What happens to the temperature of water when ice is added? — OS, Havana, FL
Whenever a glass contains a mixture of both ice and water, the temperature of its contents will be 32° F (0° C). That’s because liquid water isn’t stable below this temperature and solid ice isn’t stable above this temperature. The two can coexist stably only at 32° F.
When you first mix the water and ice, the water is likely to hotter than 32° F and the ice is likely to be colder than 32° F. Heat flows from the water to the ice—from hotter to colder—and soon one of them reaches 32° F. While heat may then continue to flow from the water to the ice, the one that’s at 32° F won’t change temperature any more.

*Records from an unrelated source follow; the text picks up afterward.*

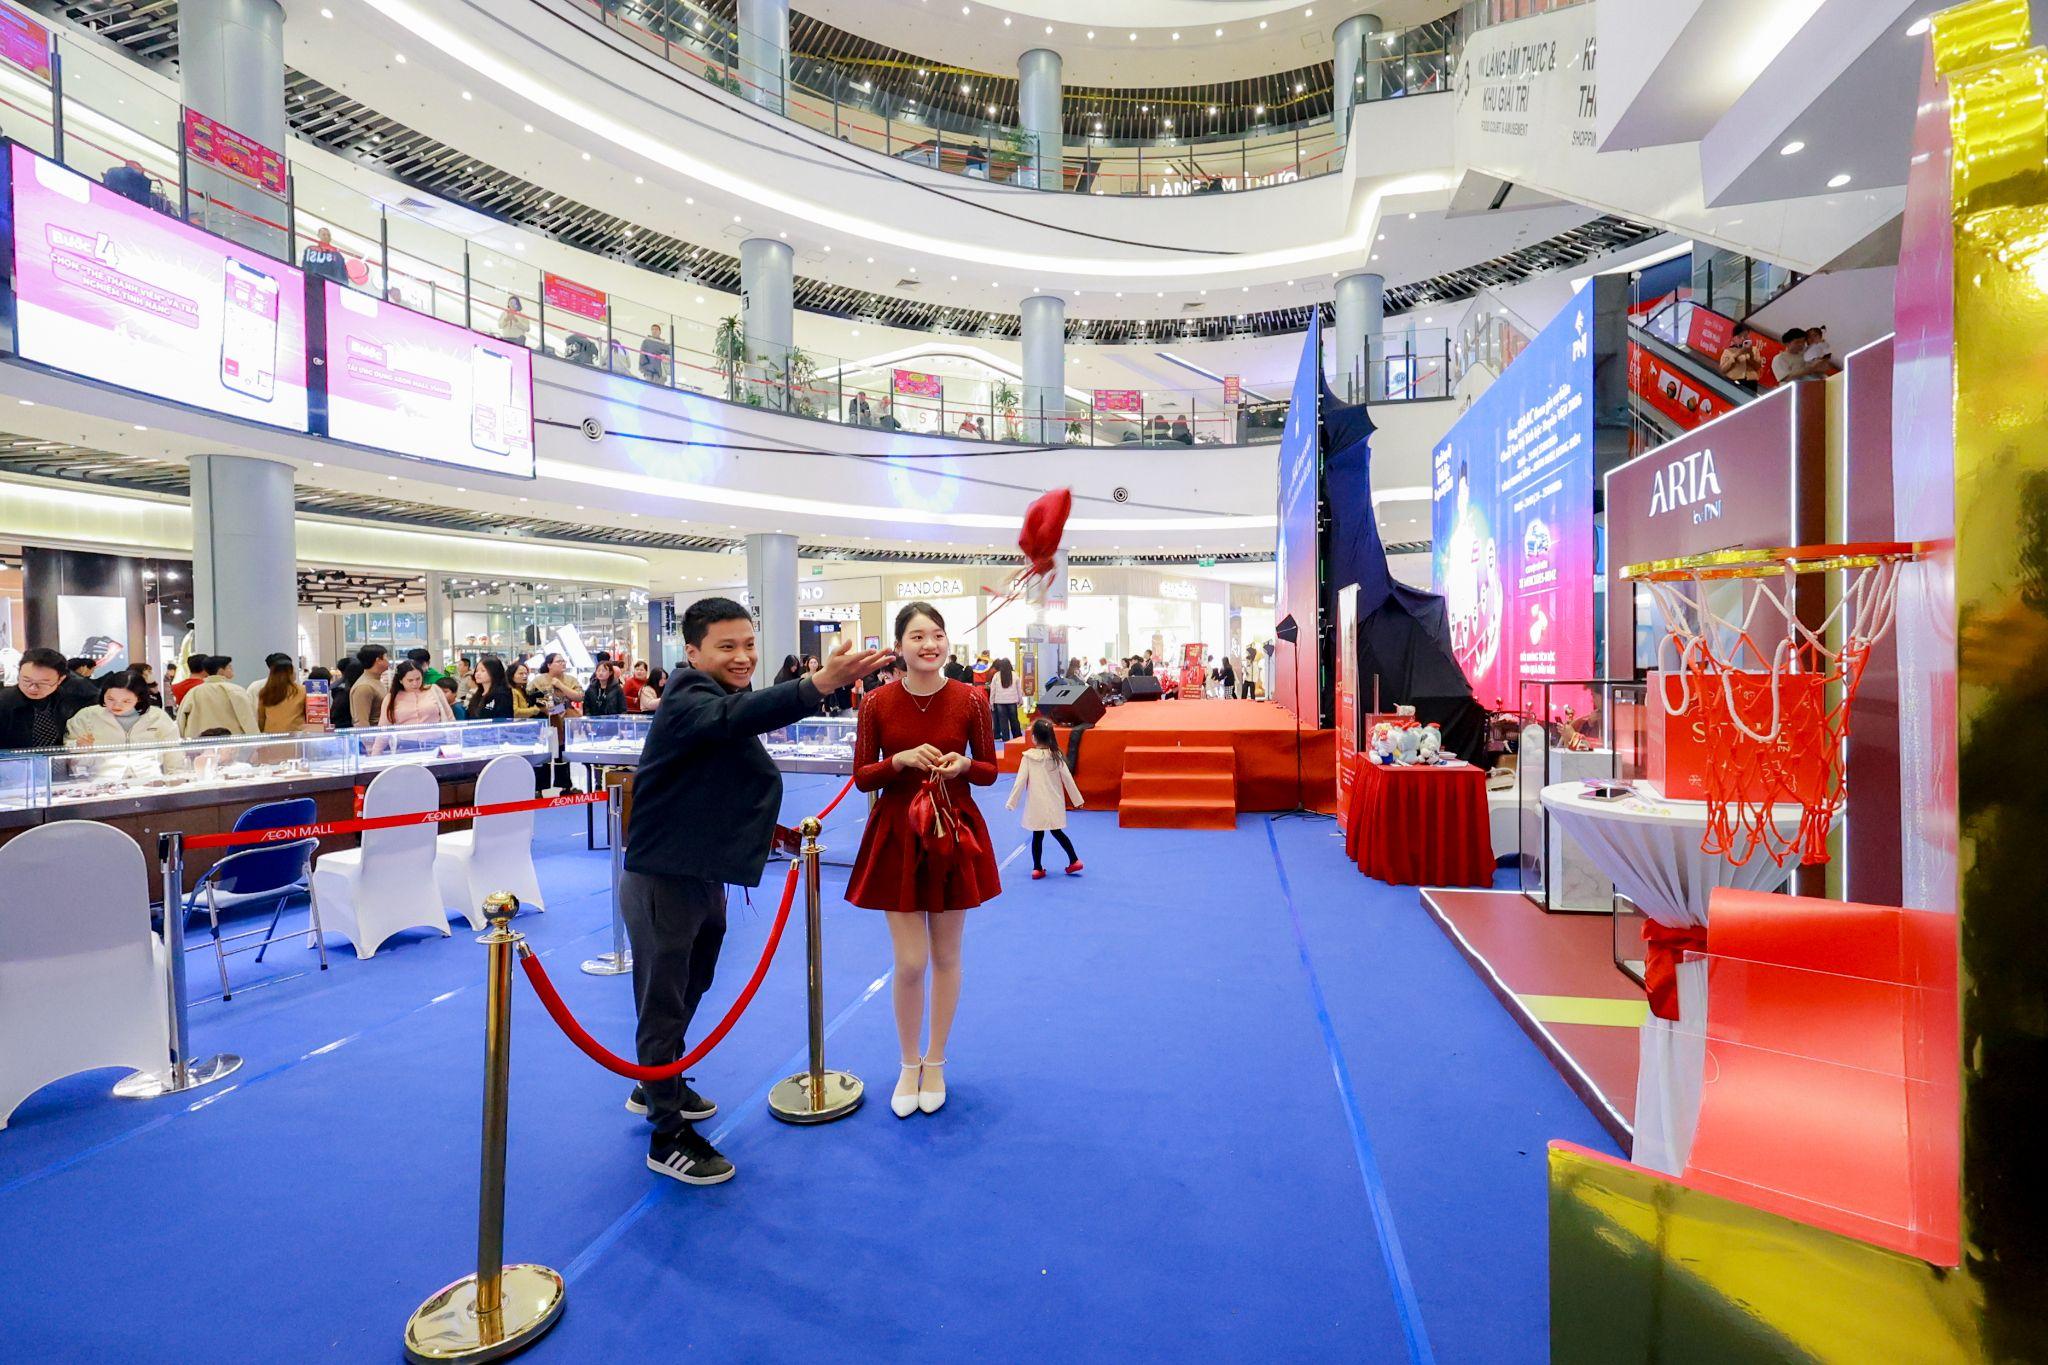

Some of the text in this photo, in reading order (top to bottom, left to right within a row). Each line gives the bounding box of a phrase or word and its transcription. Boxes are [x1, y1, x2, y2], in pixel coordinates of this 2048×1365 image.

[1548, 41, 1556, 71] &
[1482, 87, 1498, 112] KHU
[94, 231, 119, 269] 4
[1648, 448, 1721, 517] ARTA
[898, 580, 961, 597] PANDORA
[1013, 578, 1092, 592] PARA
[576, 792, 600, 804] MALL
[453, 806, 482, 819] MALL
[299, 824, 335, 838] MALL

Instead, it will begin to turn into the other form. For example, if the ice reaches 32° F first, it will begin to melt as heat flows into it and turn into water at 32° F. Or if the water reaches 32° F first, it will begin to freeze as heat flows out of it and turn into ice at 32° F. Pretty soon, both the ice and the water will be at 32° F and there they will remain so long as both are still present in the glass.

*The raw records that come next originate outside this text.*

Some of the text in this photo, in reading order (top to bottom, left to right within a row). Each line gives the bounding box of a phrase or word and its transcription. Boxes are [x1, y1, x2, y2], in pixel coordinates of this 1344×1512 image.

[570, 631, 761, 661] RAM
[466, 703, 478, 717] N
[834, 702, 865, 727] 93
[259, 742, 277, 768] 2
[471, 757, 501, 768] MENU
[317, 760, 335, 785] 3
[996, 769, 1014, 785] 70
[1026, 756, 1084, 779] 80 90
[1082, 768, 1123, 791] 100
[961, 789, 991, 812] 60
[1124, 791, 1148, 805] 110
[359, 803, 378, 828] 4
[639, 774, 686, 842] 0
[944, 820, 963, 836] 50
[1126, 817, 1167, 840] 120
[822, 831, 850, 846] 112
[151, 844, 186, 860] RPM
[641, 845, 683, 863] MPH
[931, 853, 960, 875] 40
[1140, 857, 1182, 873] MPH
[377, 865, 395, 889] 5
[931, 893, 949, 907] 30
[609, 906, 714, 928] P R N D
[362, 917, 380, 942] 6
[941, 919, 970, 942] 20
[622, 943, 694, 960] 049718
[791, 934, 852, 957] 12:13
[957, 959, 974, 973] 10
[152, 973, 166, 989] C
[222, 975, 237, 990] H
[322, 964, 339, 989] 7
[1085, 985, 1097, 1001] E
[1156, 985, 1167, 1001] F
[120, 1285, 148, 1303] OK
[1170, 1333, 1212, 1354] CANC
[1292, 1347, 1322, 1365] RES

From a molecular standpoint, ice is an orderly crystalline solid in which the water molecules are neatly arranged in rows, columns, and stacks. Liquid water is a disorganized soup of water molecules that are regularly changing neighbors and moving about, though always in contact with one another. As you add heat to cold ice, its molecules jiggle more and more vigorously against one another until they finally begin to move about as liquid water, a process we call “melting.” As you remove heat from warm water, its molecules move about less and less rapidly until they finally begin to cling permanently to one another as solid ice, a process we call “freezing.”